Alexander was startled by Daley’s statement, but pleased. He had little patience with religion, and tended to see it as a means of denying or avoiding responsibility. Daley’s response was…refreshing.
He opened a private window in his mind, accessed an e-pedia link, and downloaded a brief background on the Starborn, just to make sure he hadn’t missed anything. No…he’d remembered correctly. The Starborn had been around for two or three centuries, but had arisen out of several earlier belief systems centered on The Revelation. For them, all intelligence was One…and that included even the Xul. They opposed all war in general, and most especially war based on a clash between opposing faiths. Within the Commonwealth Senate, they’d been the most vocal of the opponents of the military action against the Islamist Theocracy, for just that reason.

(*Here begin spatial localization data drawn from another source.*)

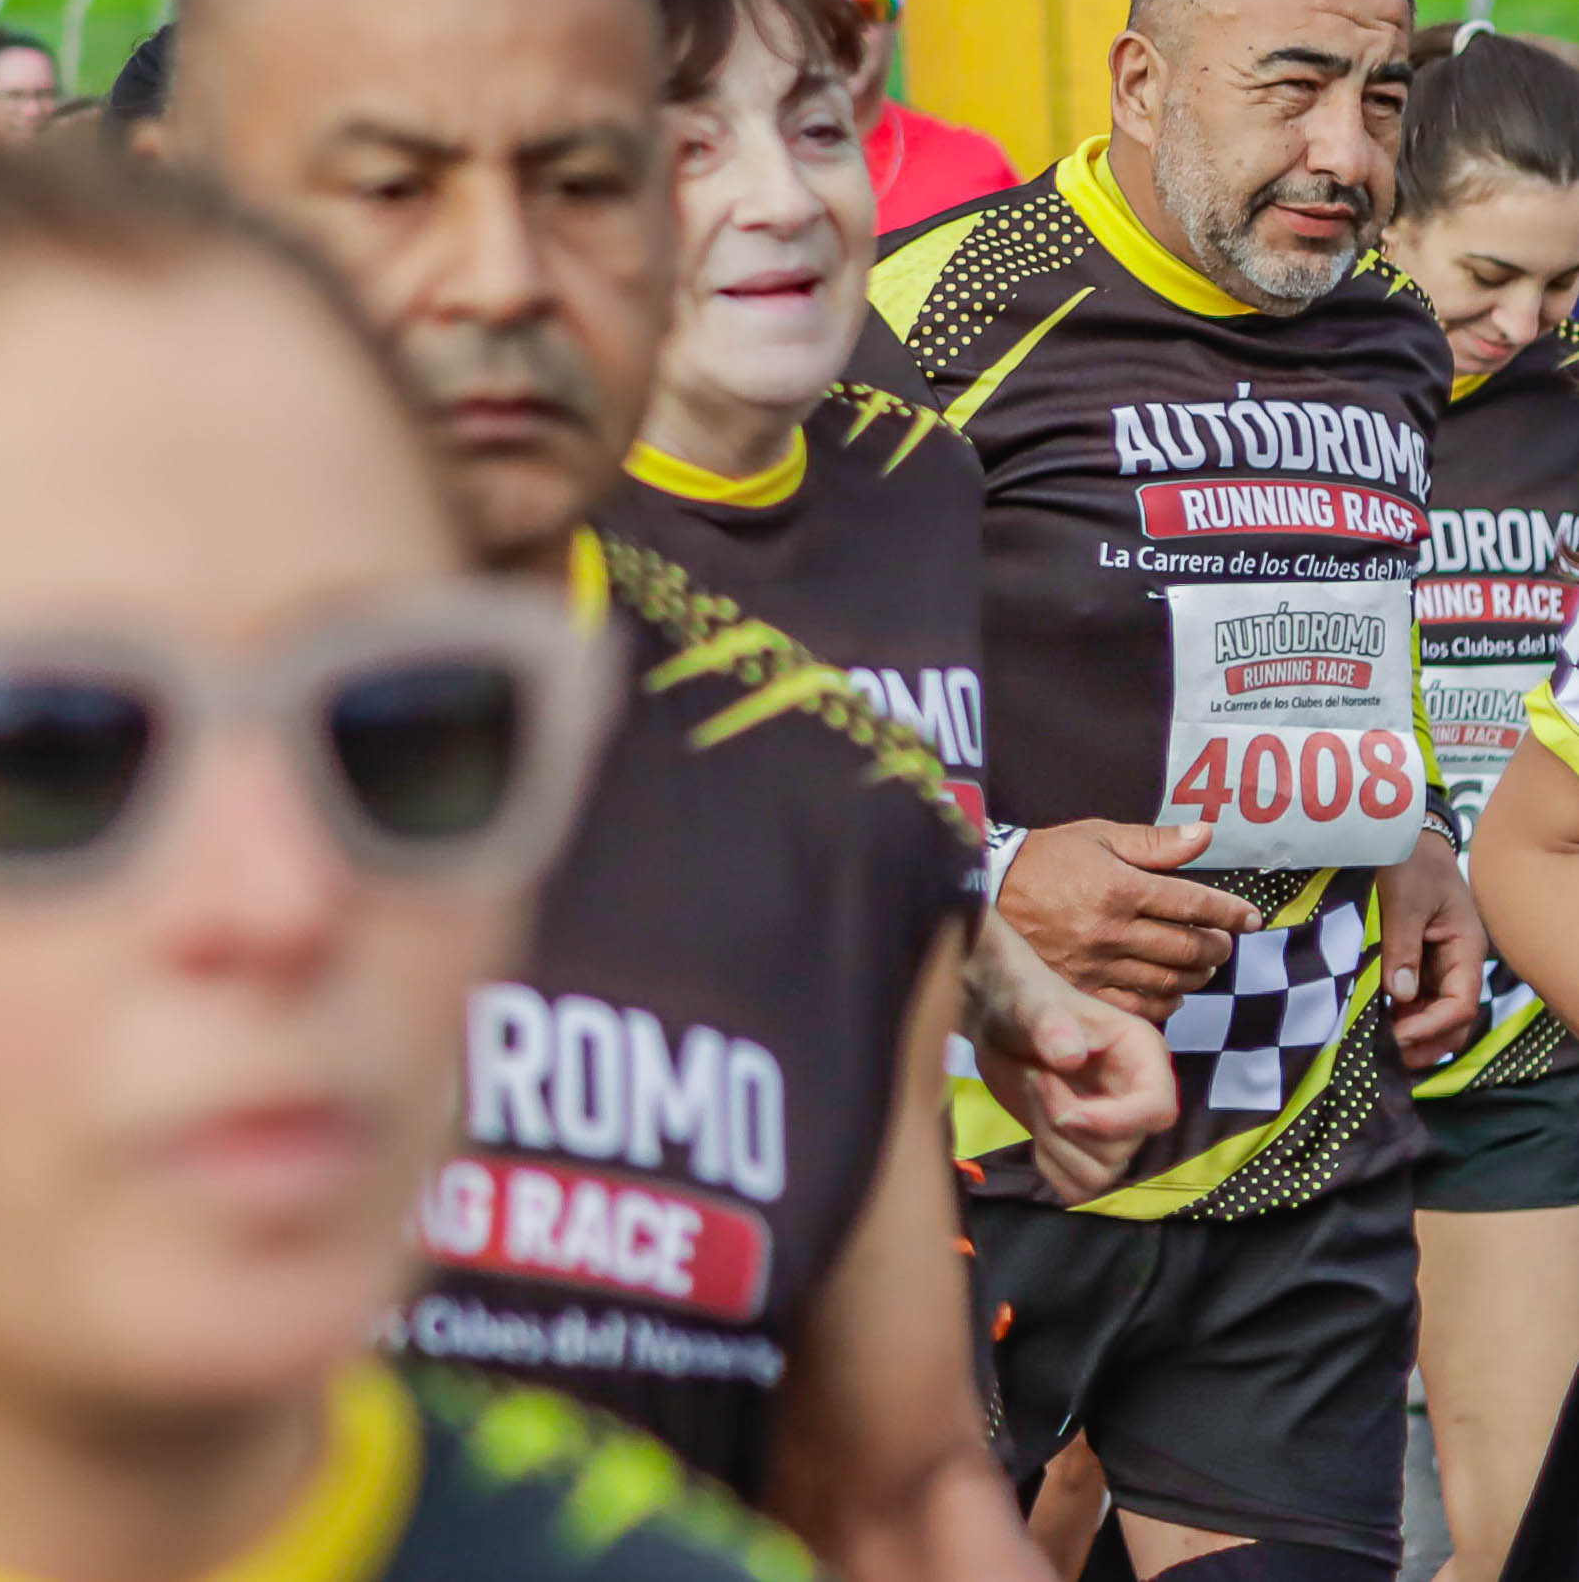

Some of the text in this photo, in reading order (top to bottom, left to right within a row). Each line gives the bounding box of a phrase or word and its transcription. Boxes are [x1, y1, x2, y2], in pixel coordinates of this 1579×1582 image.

[1180, 485, 1334, 531] RUNNING
[1099, 542, 1130, 568] La
[1137, 546, 1225, 574] Carrera
[1229, 550, 1256, 574] de
[1260, 552, 1290, 576] los
[1294, 554, 1359, 580] Clubes
[1364, 557, 1393, 580] del
[1492, 582, 1564, 622] RACE
[1215, 601, 1386, 664] AUTÓDROMO
[1422, 637, 1449, 658] los
[1451, 635, 1515, 659] Clubes
[1518, 633, 1546, 657] del
[1243, 660, 1356, 689] RUNNING RACE
[1224, 698, 1258, 712] Carrera
[1260, 697, 1273, 710] de
[1275, 697, 1289, 709] los
[1292, 696, 1323, 709] Clubes
[1325, 695, 1339, 708] del
[1342, 695, 1381, 708] Noroeste
[1171, 729, 1414, 824] 4008
[504, 1166, 703, 1299] RACE

Alexander wondered why Daley had sided with him.
For himself, Alexander had no patience whatsoever with religion of any type. Beginning in the twentieth century, Humankind had been wracked by religious mania of the most divisive and destructive sort. World War III had been brought on by Islamic fundamentalism, but other sects and religions demanding rigid boundaries and unquestioning obedience to what was imagined to be God’s will had added their share of terror, insanity, and blood to the chaos of the late twentieth and early twenty-first centuries. And then had come the discoveries on Mars, of buried cities and the Builders, of the mummified bodies of anatomically modern humans beneath the desiccated sands of Cydonia and Chryse.
Science fiction and the more sensationalist writers of pop-science had long speculated that extraterrestrials had created humans, but now there was proof. The Builders had tinkered with the genetics of Homo erectus in order to create a new species—Homo sapiens. It had always been assumed that if such proof was ever uncovered, it would once and for all end the tyranny and the comfort of religion. If God was a spaceman, there scarcely was need for His church. Religion would die.